Symptoms and Diagnosis of Cardiomyopathy
It’s important to identify people who may be at high risk for cardiomyopathy. After all, some people with cardiomyopathy never have signs or symptoms. Others don’t have signs or symptoms in the early stages of the disease.If people without symptoms recognize their heightened risk for cardiomyopathy, there’s a better chance of diagnosing it early, when treatment may be most effective.
Signs and symptoms of cardiomyopathy include:
- Shortness of breath or trouble breathing, especially with physical exertion
- Swelling in the ankles, feet, legs, abdomen and veins in the neck
- Fainting during physical activity
- Arrhythmias (abnormal heartbeats)
- Chest pain, especially after physical exertion or heavy meals
- Heart murmurs (unusual sounds associated with heartbeats)
Signs and symptoms of heart failure usually occur in the later stages of cardiomyopathy, as the heart weakens.
How is cardiomyopathy diagnosed?
Your health care professional will diagnose cardiomyopathy based on your medical history, family history, a physical exam and diagnostic test results.
A cardiologist or pediatric cardiologist usually diagnose and treat cardiomyopathy. These doctors specialize in heart diseases.
Medical and family historiesYour health care professional will want to learn about your medical history as well as any signs and symptoms you may have. Your physician will also want to know whether anyone in your family has been diagnosed with cardiomyopathy, heart failure or cardiac arrest.
Using a stethoscope, your health care professional will listen to your heart and lungs for sounds that may suggest cardiomyopathy. Particular sounds may even suggest a certain type of the disease.
For example, the loudness, timing and location of a heart murmur may suggest obstructive hypertrophic cardiomyopathy. A “crackling” sound in the lungs may be a sign of heart failure.
Certain physical signs also help your doctor diagnose cardiomyopathy. Swelling of the ankles, feet, legs, abdomen or veins in your neck suggests fluid buildup, a sign of heart failure.

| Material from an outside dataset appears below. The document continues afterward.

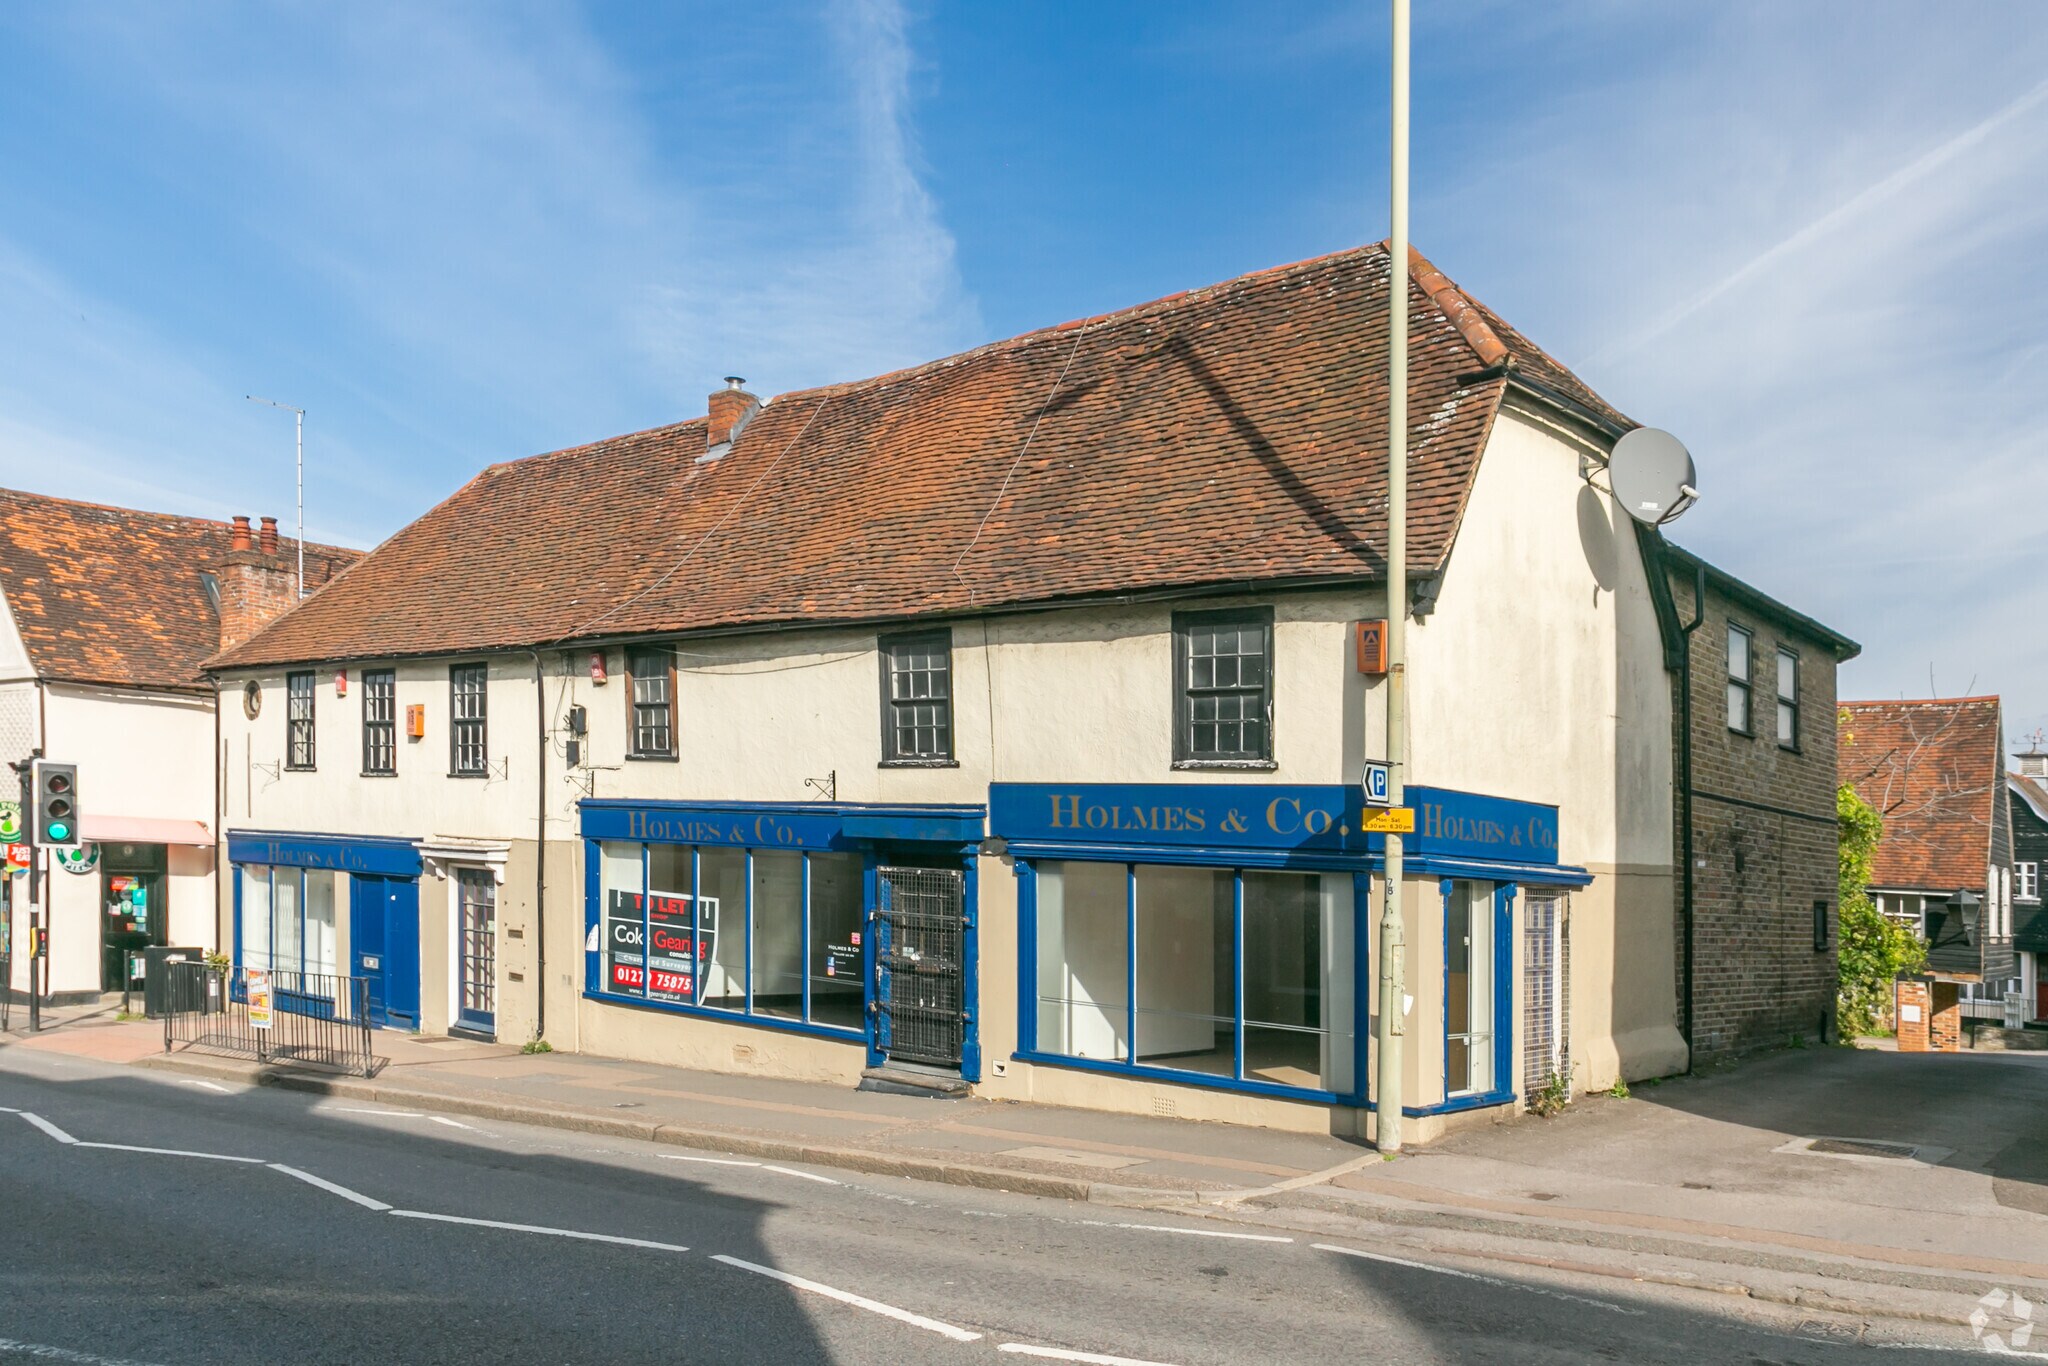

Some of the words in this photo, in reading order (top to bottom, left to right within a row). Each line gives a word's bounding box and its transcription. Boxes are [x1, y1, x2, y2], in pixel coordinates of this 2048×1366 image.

One or more of the following tests may be recommended to diagnose cardiomyopathy:
- Blood tests: A small amount of blood is usually drawn from a vein in your arm using a needle.
- Chest X-ray: A chest X-ray takes pictures of the organs and structures inside your chest, and can show whether your heart is enlarged. It can also reveal whether fluid is building up in your lungs.
- Electrocardiogram (EKG or ECG): An EKG records the heart’s electrical activity, showing how fast the heart is beating and whether its rhythm is steady or irregular. An EKG can detect cardiomyopathy as well as other problems, including heart attacks, arrhythmias (abnormal heartbeats) and heart failure. To diagnose heart problems that come and go, you may have to wear a portable EKG monitor.
- Holter and event monitors: Both are portable devices that record your heart’s electrical activity during your normal daily activities. A Holter monitor records the heart’s electrical activity for a 24- or 48-hour period. An event monitor records your heart’s electrical activity only at certain times.
- Echocardiogram (Echo): An echocardiogram is a test that uses sound waves to create a moving picture of your heart. It shows how well your heart is working as well as its size and shape. The types of echocardiography include “stress echo,” which is administered as part of a stress test. Another type, transesophageal echo (or TEE), provides a view of the back of the heart.
- Stress test: In a stress test, the aim is to make your heart work hard (and beat fast) while tests are performed. These tests may include nuclear heart scanning, echo, and positron emission tomography (PET) scanning. You’ll be asked to walk in place on an inclined treadmill. If you're unable to exercise, you may be given medicine to simulate the effects of exertion.
Confirming a diagnosis may involve one or more medical procedures. If surgery is planned, a diagnostic procedure may be performed in preparation for surgery. Such diagnostic procedures may include:
- Cardiac catheterization: Cardiac catheterization checks the pressure and blood flow in your heart’s chambers. A long, thin, flexible tube called a catheter is inserted through a blood vessel and threaded to the heart. This allows your health care professional to collect blood samples and check your heart’s arteries for blockages using X-ray imaging.
- Coronary angiography (PDF): This procedure often is done during cardiac catheterization. Dye that can be seen on an X-ray is injected into your coronary arteries. The dye allows your health care professional to study blood flow within your heart and blood vessels.
- Myocardial biopsy: In this procedure, a piece of your heart muscle is removed, which can be done during cardiac catheterization. The muscle is studied under a microscope to see whether cell changes have occurred, which may suggest cardiomyopathy.
- Genetic testing: Your health care professional may suggest genetic testing to look for signs of cardiomyopathy in your parents, brothers and sisters or other family members. Genetic testing can show how the disease runs in families and can reveal the chances of parents passing the genes for the disease on to their children. Genetic testing may also be useful if is suspected that you may have cardiomyopathy, but you don’t yet exhibit signs or symptoms.